We analyzed consecutive ED patients of three hospitals using the Netherlands Emergency Department Evaluation Database (NEED). We developed prediction models for hospitalization using an increasing number of data available at triage, ∼30 min (including vital signs) and ∼2 h (including laboratory tests) after ED registration, using ML (random forest, gradient boosted decision trees, deep neural networks) and multivariable logistic regression analysis (including spline transformations for continuous predictors). Demographics, urgency, presenting complaints, disease severity and proxies for comorbidity, and complexity were used as covariates. We compared the performance using the area under the ROC curve in independent validation sets from each hospital.
We included 172,104 ED patients of whom 66,782 (39 %) were hospitalized. The AUC of the multivariable logistic regression model was 0.82 (0.78-0.86) at triage, 0.84 (0.81-0.86) at ∼30 min and 0.83 (0.75-0.92) after ∼2 h.

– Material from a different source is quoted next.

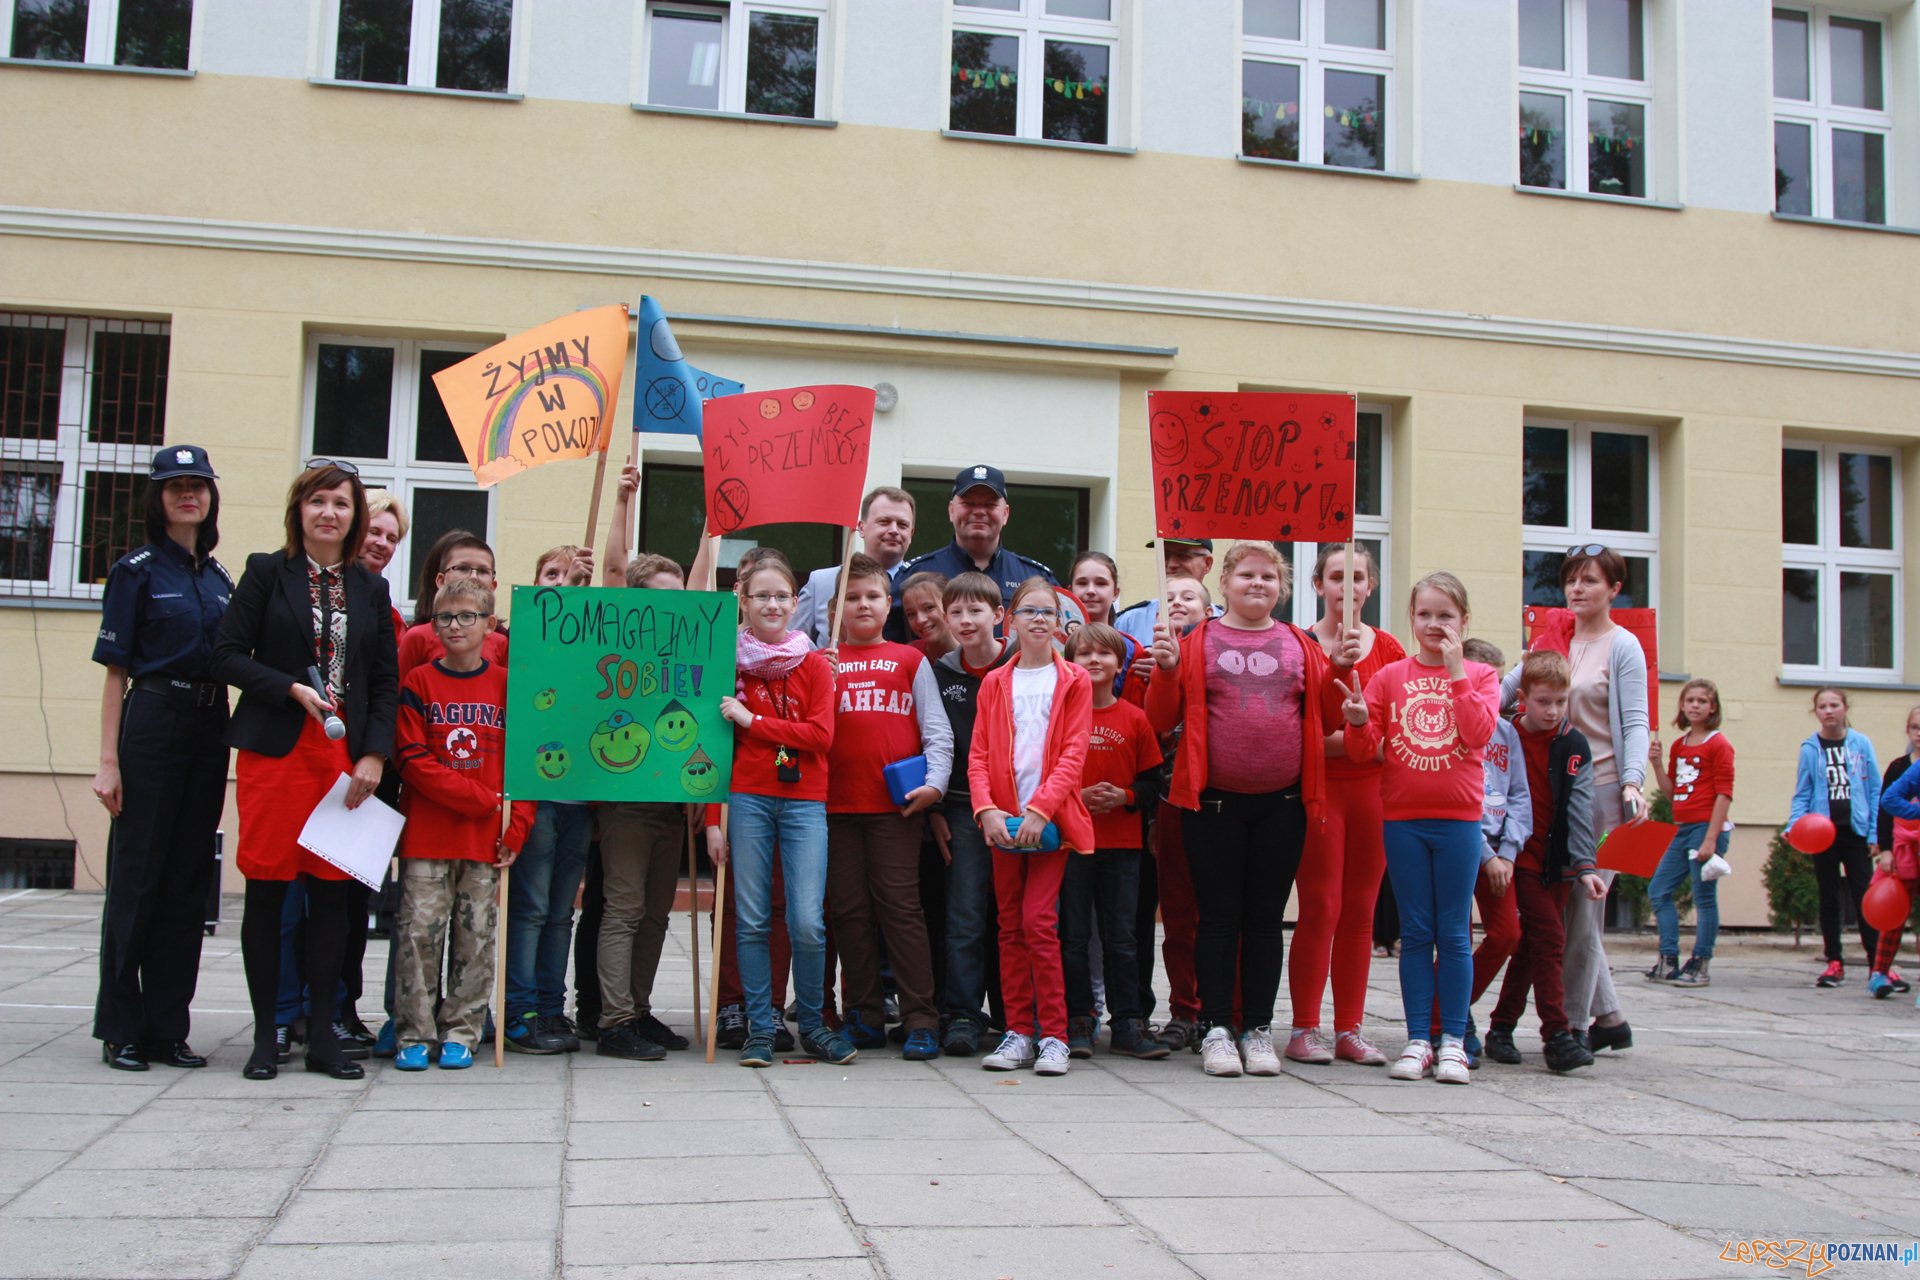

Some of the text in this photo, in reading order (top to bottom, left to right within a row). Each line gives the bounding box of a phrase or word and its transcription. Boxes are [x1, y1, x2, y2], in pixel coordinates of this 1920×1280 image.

The best performing ML model over time was the gradient boosted decision trees model with an AUC of 0.84 (0.77-0.88) at triage, 0.86 (0.82-0.89) at ∼30 min and 0.86 (0.74-0.93) after ∼2 h.
Our study showed that machine learning models had an excellent but similar predictive performance as the logistic regression model for predicting hospital admission. In comparison to the 30-min model, the 2-h model did not show a performance improvement. After further validation, these prediction models could support management decisions by real-time feedback to medical personal.
早期识别需要住院治疗的急诊科(ED)患者对于医疗质量和患者安全至关重要。我们旨在比较预测ED患者住院情况的机器学习(ML)模型与ED登记后三个时间点的传统回归技术。
我们使用荷兰急诊科评估数据库(NEED)分析了三家医院的连续ED患者。我们使用ML(随机森林、梯度提升决策树、深度神经网络)和多变量逻辑回归分析(包括连续预测变量的样条变换),利用在分诊时、ED登记后约30分钟(包括生命体征)和约2小时(包括实验室检查)可获得的越来越多的数据,开发了住院预测模型。人口统计学、紧急程度、主诉、疾病严重程度、合并症代理指标和复杂性被用作协变量。我们使用每家医院独立验证集中ROC曲线下面积来比较性能。
我们纳入了172,104例ED患者,其中66,782例(39%)住院。多变量逻辑回归模型在分诊时的AUC为0.82(0.78 - 0.86),在约30分钟时为0.84(0.81 - 0.86),在约2小时后为0.83(0.75 - 0.92)。随着时间推移,表现最佳的ML模型是梯度提升决策树模型,在分诊时的AUC为0.84(0.77 - 0.88),在约30分钟时为0.86(0.82 - 0.89),在约2小时后为0.86(0.74 - 0.93)。
我们的研究表明,机器学习模型在预测住院方面具有出色但与逻辑回归模型相似的预测性能。与30分钟模型相比,2小时模型并未显示出性能提升。经过进一步验证后,这些预测模型可通过向医疗人员提供实时反馈来支持管理决策。